── DATASET

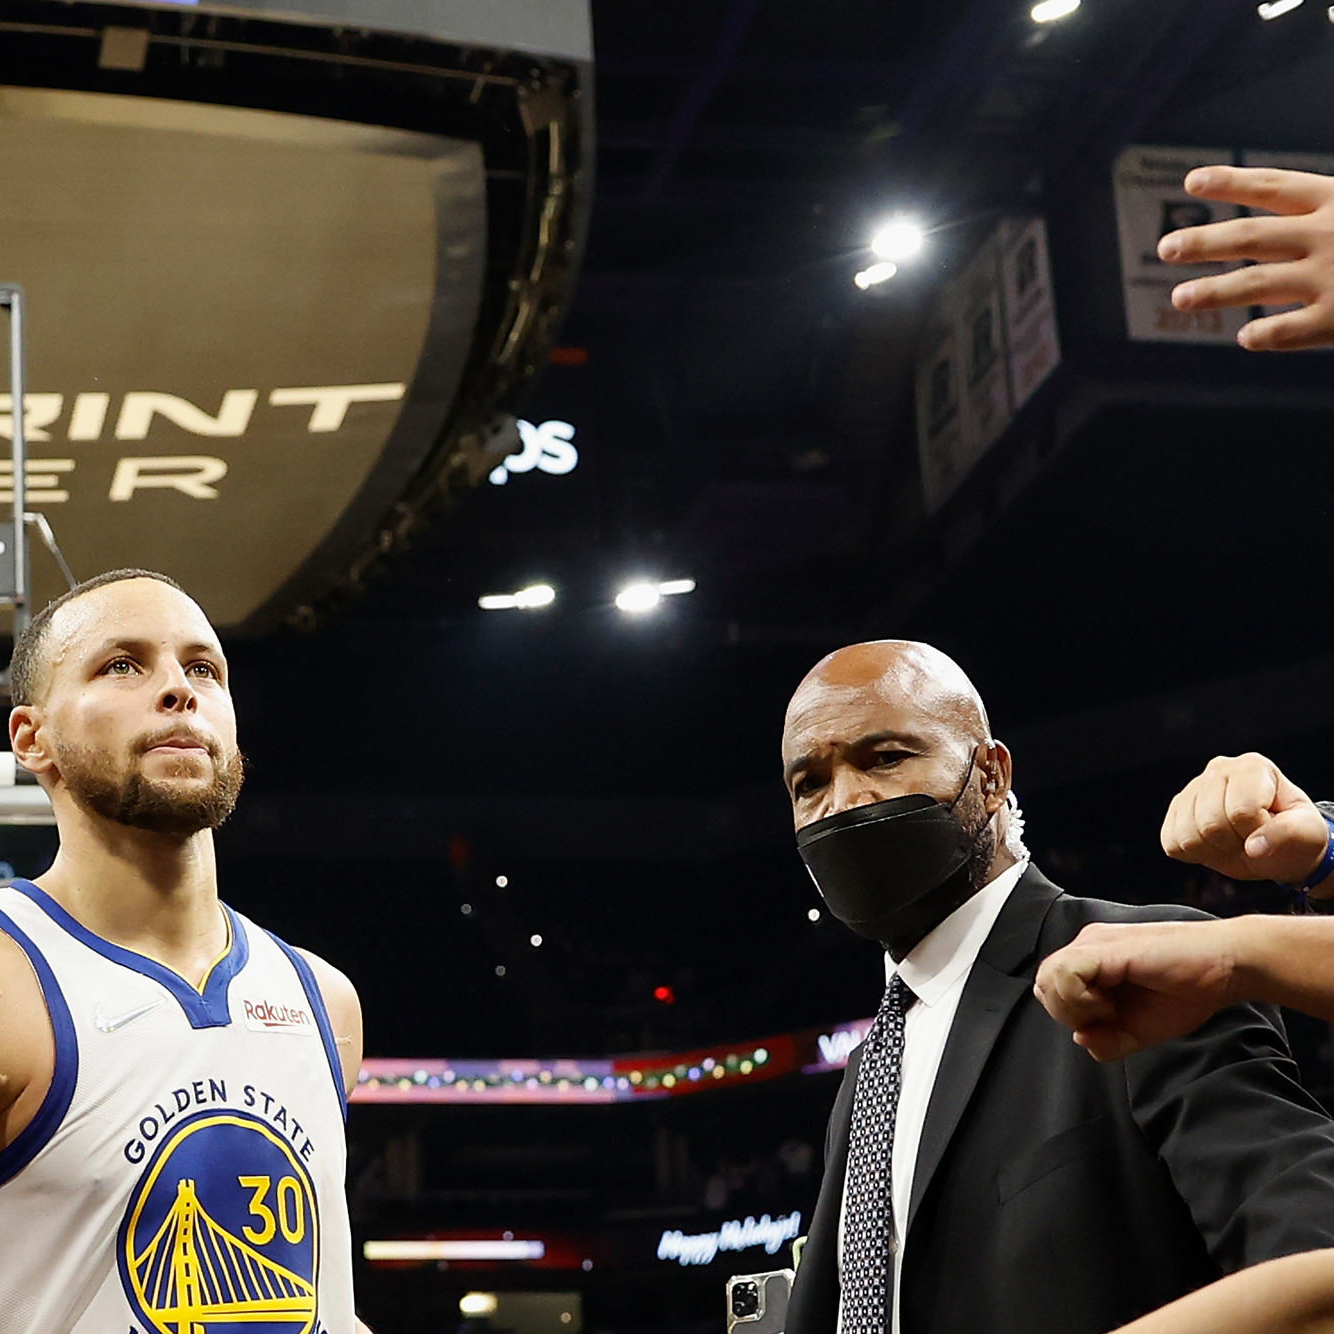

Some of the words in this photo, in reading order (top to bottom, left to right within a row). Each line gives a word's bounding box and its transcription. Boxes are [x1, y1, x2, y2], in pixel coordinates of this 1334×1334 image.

[244, 1000, 311, 1025] Rakuten
[124, 1078, 228, 1165] GOLDEN
[243, 1084, 315, 1162] STATE
[238, 1175, 305, 1245] 30
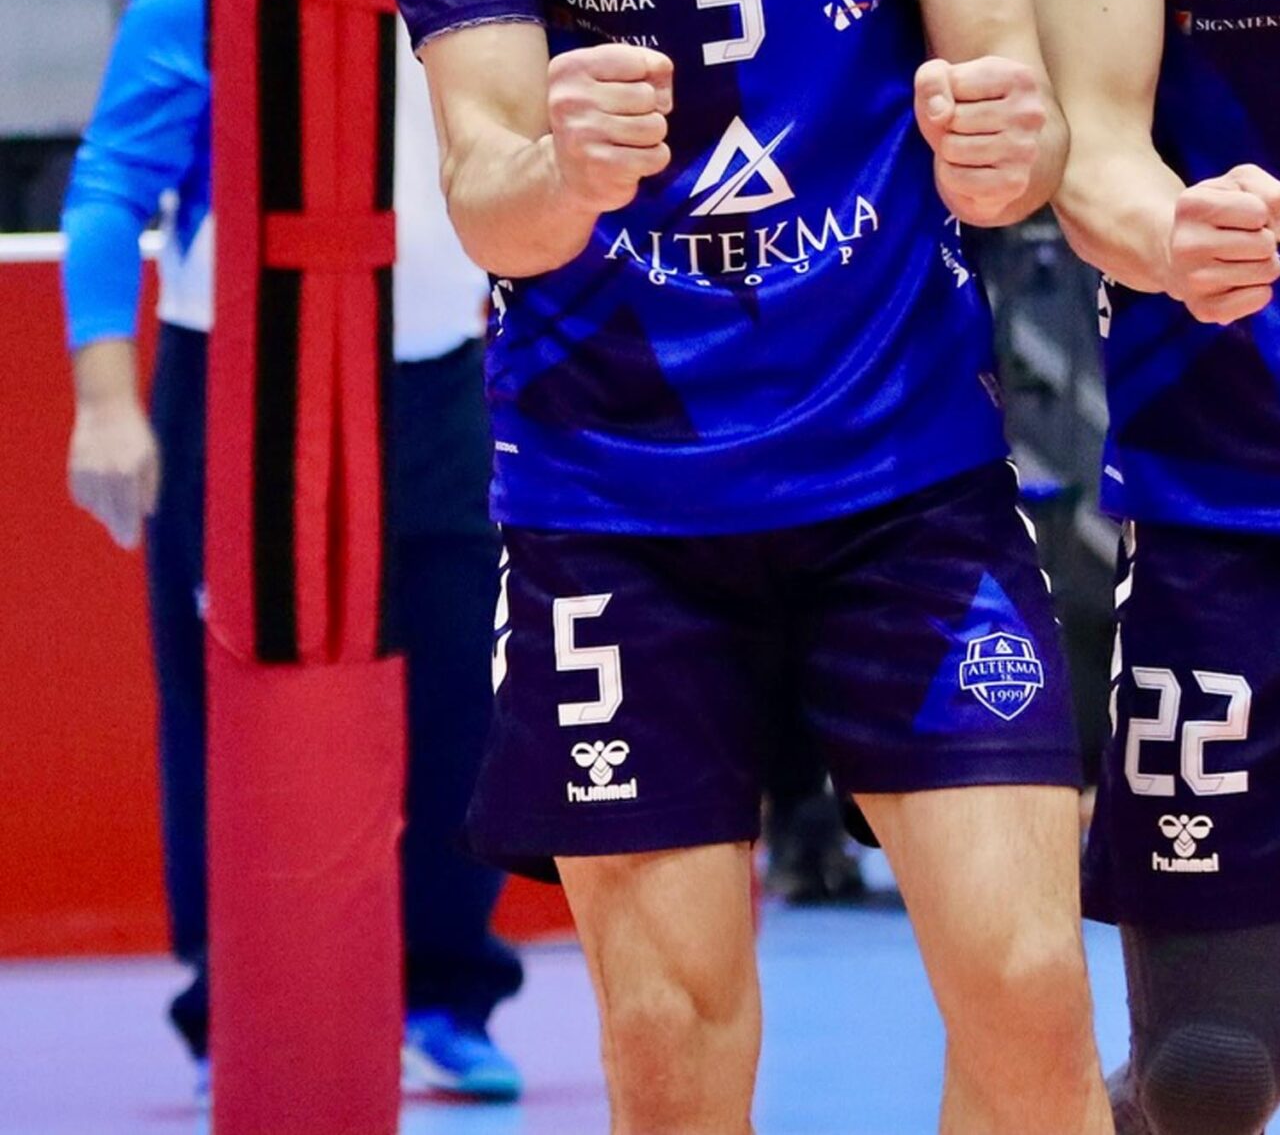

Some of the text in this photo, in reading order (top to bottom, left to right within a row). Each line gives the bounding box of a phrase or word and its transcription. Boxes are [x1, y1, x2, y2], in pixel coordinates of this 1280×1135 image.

[604, 195, 879, 277] ALTEKMA
[553, 593, 624, 727] 5
[968, 660, 1038, 677] ALTEKMA
[990, 688, 1025, 704] 1999
[1124, 666, 1253, 797] 22
[567, 776, 638, 803] hummel
[1152, 851, 1220, 873] hummel
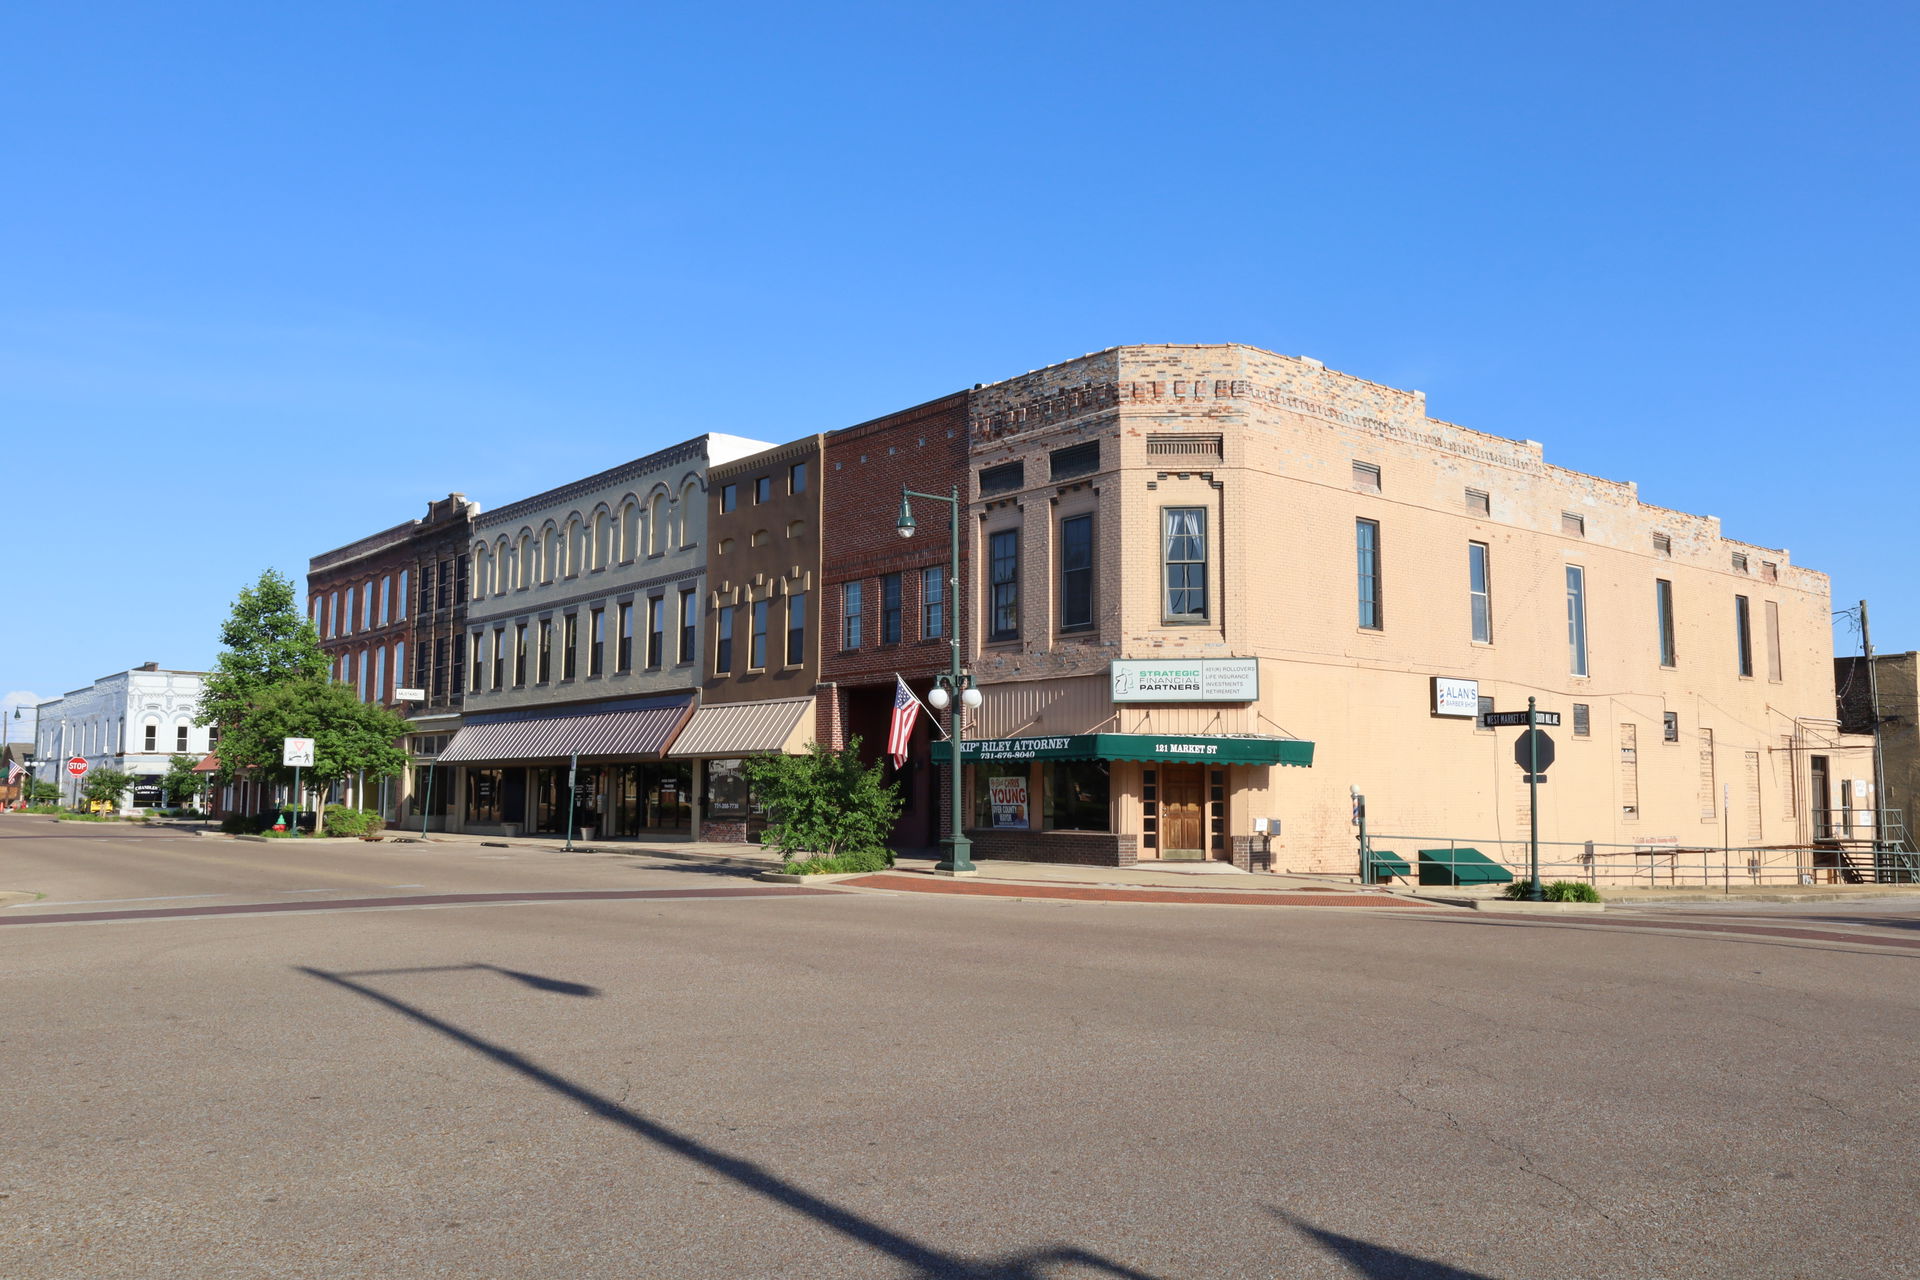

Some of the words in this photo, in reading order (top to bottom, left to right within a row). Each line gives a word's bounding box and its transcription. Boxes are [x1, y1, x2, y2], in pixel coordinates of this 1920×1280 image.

[1446, 687, 1476, 700] ALAN'S
[1486, 714, 1500, 725] WEST
[1500, 713, 1520, 724] MARKET
[982, 740, 1011, 752] RILEY
[1013, 738, 1070, 751] ATTORNEY
[1155, 744, 1168, 752] 121
[1170, 744, 1205, 754] MARKET
[1206, 745, 1218, 754] ST
[980, 751, 1035, 759] 731-676-8040
[68, 762, 87, 770] STOP
[991, 788, 1026, 804] YOUNG
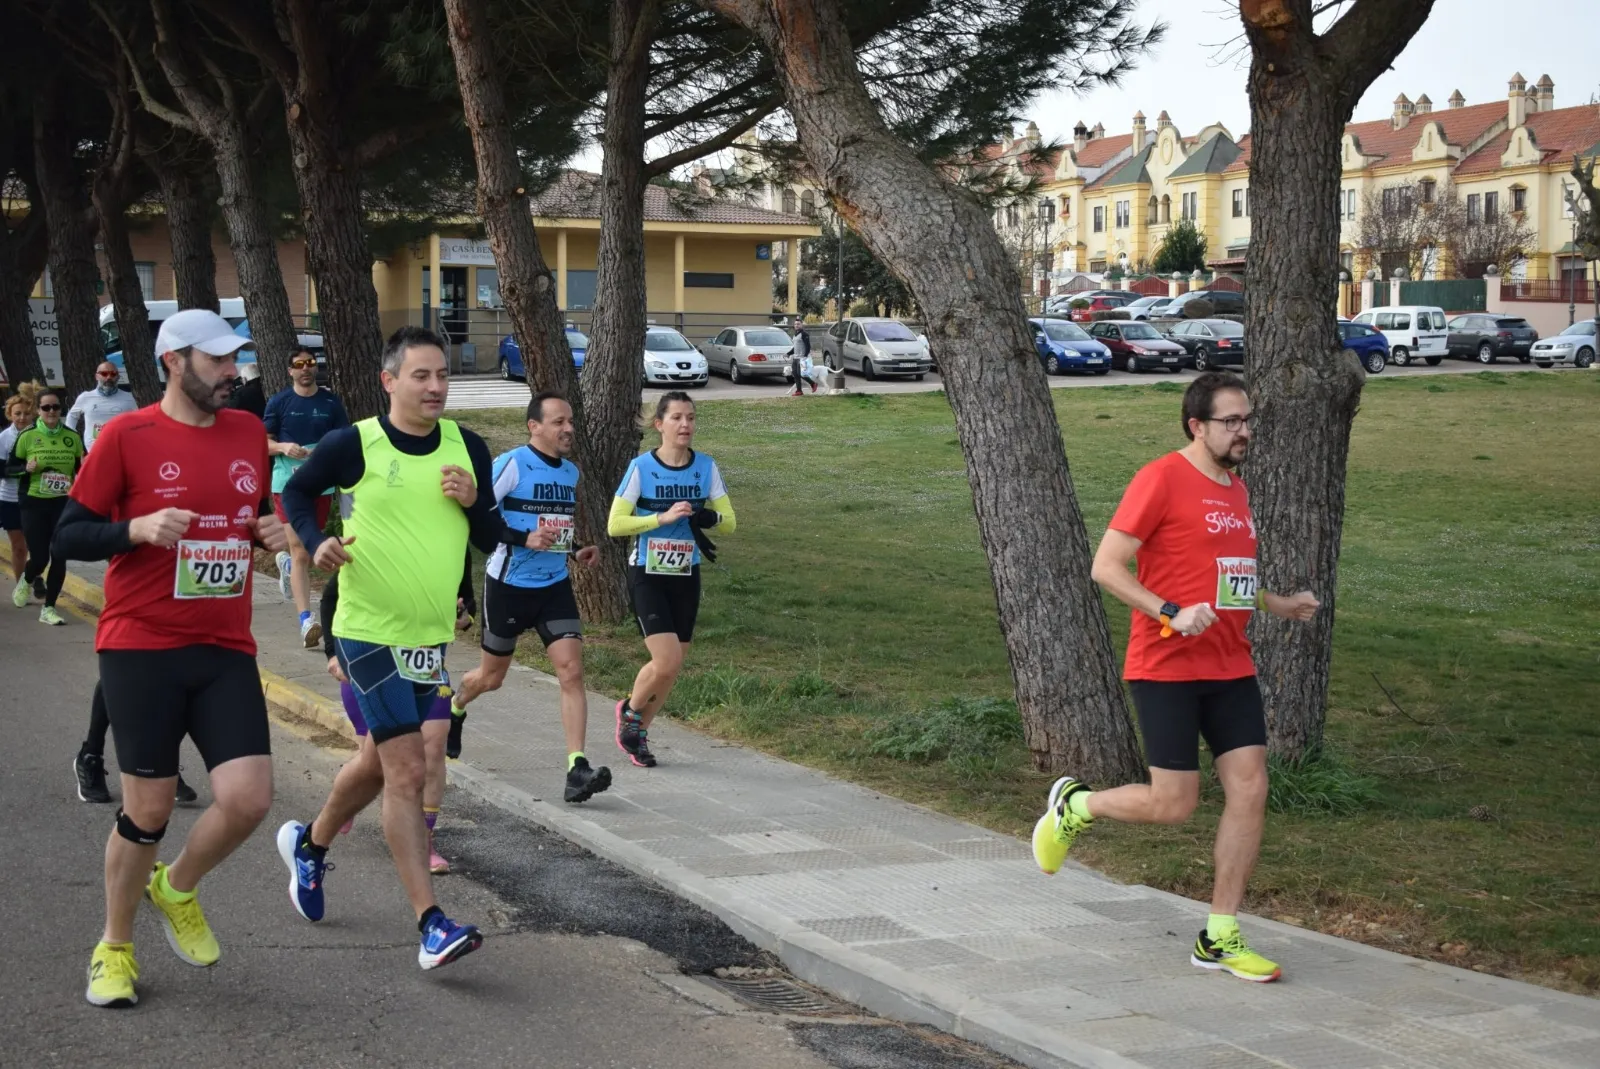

────

[EXERCISE DIRECTIONS] Restate the material above exactly. Exclude all pictures.

[OUTPUT OF THE TASK]
Some of the words in this photo, in reading order (top to bottom, left to right within a row). Each line gives a word's bounding box and its transcription. Boxes are [x1, y1, x2, y2], in pixel coordinates of this 1334×1334 image.

[244, 1000, 311, 1025] Rakuten
[124, 1078, 228, 1165] GOLDEN
[243, 1084, 315, 1162] STATE
[238, 1175, 305, 1245] 30

Some of the text in this photo, in reading order (top to bottom, left to right within a row). Each line gives the bounding box of a phrase or word and its transcription. Boxes are [x1, y1, x2, y2], in pixel coordinates of this 1280×1135 image.

[604, 195, 879, 277] ALTEKMA
[553, 593, 624, 727] 5
[968, 660, 1038, 677] ALTEKMA
[990, 688, 1025, 704] 1999
[1124, 666, 1253, 797] 22
[567, 776, 638, 803] hummel
[1152, 851, 1220, 873] hummel

Some of the words in this photo, in reading order (top to bottom, left to right within a row). Each line gives a word's bounding box and its transcription. Boxes are [x1, y1, x2, y2], in pixel coordinates of this 1920×1280 image.

[1446, 687, 1476, 700] ALAN'S
[1486, 714, 1500, 725] WEST
[1500, 713, 1520, 724] MARKET
[982, 740, 1011, 752] RILEY
[1013, 738, 1070, 751] ATTORNEY
[1155, 744, 1168, 752] 121
[1170, 744, 1205, 754] MARKET
[1206, 745, 1218, 754] ST
[980, 751, 1035, 759] 731-676-8040
[68, 762, 87, 770] STOP
[991, 788, 1026, 804] YOUNG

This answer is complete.